Highlights for the first quarter ended March 31, 2019 were as follows:
- Revenue increased 8.8% to $102.1 million from $93.9 million in the first quarter of 2018.
- Comparable restaurant sales increased 3.2%.
- Net income was $3.2 million, or $0.19 per diluted share, compared to net income of $3.2 million, or $0.19 per diluted share, in the first quarter of 2018. Net income in the first quarter of 2019 included closures costs of $0.4 million ($0.4 million, net of tax or $0.02 per diluted share).
- Adjusted net income(1) was $3.6 million, or $0.21 per diluted share compared to net income of $3.2 million, or $0.19 per diluted share, in the first quarter of 2018.
- Restaurant-level operating profit(1) was $15.7 million compared to $15.3 million in the first quarter of 2018.
- One restaurant opened during the first quarter of 2019.
|(1)||Adjusted net income and restaurant-level operating profit are non-GAAP measures. For reconciliations of adjusted net income and restaurant-level operating profit to the most directly comparable GAAP measures see the accompanying financial tables. For a discussion of why we consider adjusted net income and restaurant-level operating profit useful, see “Non-GAAP Measures” below.|
Steve Hislop, President and Chief Executive Officer of Chuy’s Holdings, Inc. stated, “We were pleased with the trajectory of our top-line during the first quarter, resulting in positive comparable restaurant sales and the return of positive traffic. We believe our recent marketing efforts have contributed to the stabilization of our traffic trends as we have focused on improving brand awareness in newer markets and driving frequency in our existing markets. Looking ahead, we will continue to leverage our marketing, in addition to initiatives around technology, labor, and off-premise. Together with a disciplined development strategy and restaurant operation enhancements, we will continue to focus on opportunities to improve profitability.”

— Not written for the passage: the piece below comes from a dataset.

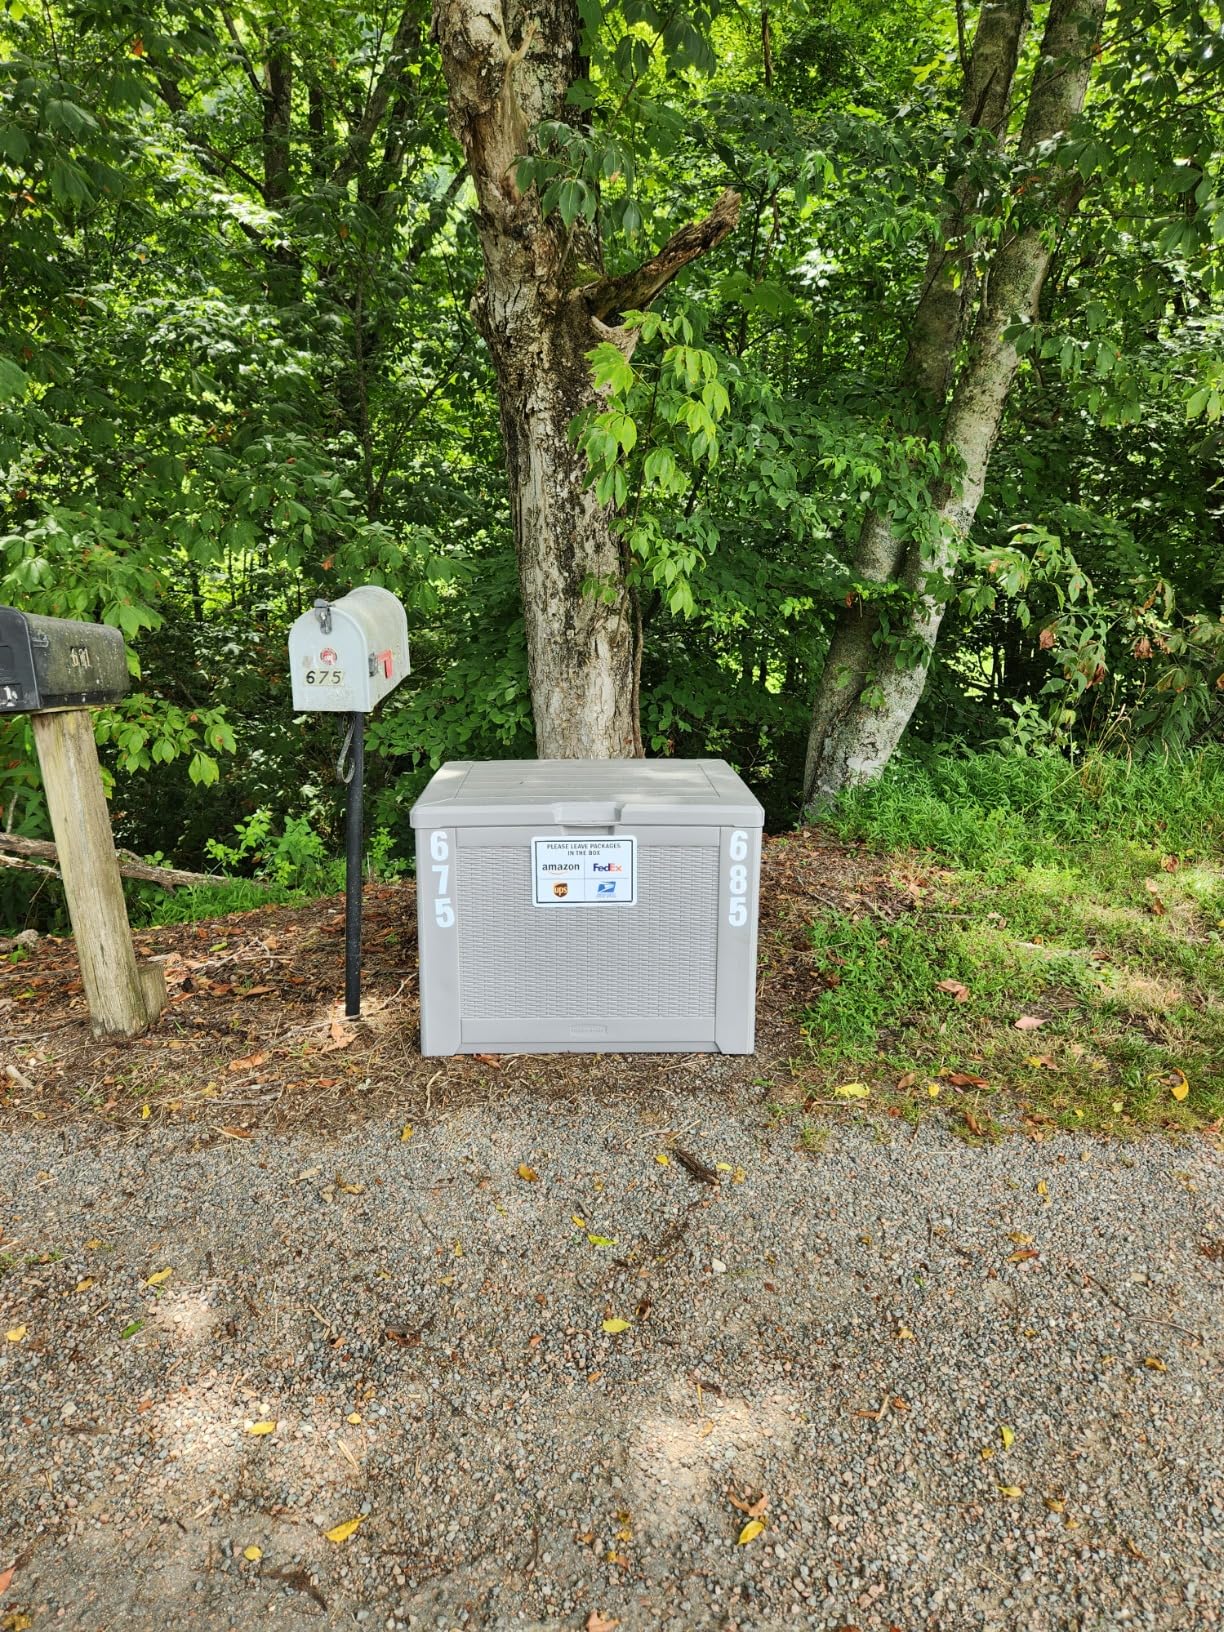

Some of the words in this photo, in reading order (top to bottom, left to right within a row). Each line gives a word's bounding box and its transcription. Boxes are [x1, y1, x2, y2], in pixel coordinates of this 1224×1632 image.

Hislop added, “We successfully opened one new restaurant during the first quarter and have subsequently opened two additional restaurants during the second quarter. We are pleased with the performance of these three recent openings thus far as our operators and development team continue to do an excellent job of instilling the Chuy’s culture in our new restaurants. To better balance new unit growth with driving sales and improving restaurant profitability, we are maintaining our 2019 development plan of five to seven restaurants.”
First Quarter 2019 Financial Results
Revenue increased $8.3 million, or 8.8%, to $102.1 million in the first quarter of 2019 compared to the first quarter of 2018. The increase was driven by $7.1 million in incremental revenue from an additional 99 operating weeks provided by new restaurants during the thirteen weeks ended March 31, 2019 as well as an increase in our comparable restaurant sales. These increases were partially offset by a decrease in sales related to our non-comparable restaurants that are not included in the incremental revenue discussed above. Revenue for non-comparable restaurants is historically lower as the restaurants transition out of the ‘honeymoon’ period that follows a restaurant’s initial opening.
Comparable restaurant sales increased 3.2% for the thirteen weeks ended March 31, 2019 compared to the thirteen weeks ended April 1, 2018. The increase in comparable restaurant sales was primarily driven by a 2.9% increase in average check and a 0.3% increase in average weekly customers. The Company estimates that comparable sales were positively impacted by approximately 30 basis points due to the timing of New Year’s Eve and Easter, net of unfavorable weather conditions during the quarter. The comparable restaurant base consisted of 83 restaurants at the end of the first quarter of 2019.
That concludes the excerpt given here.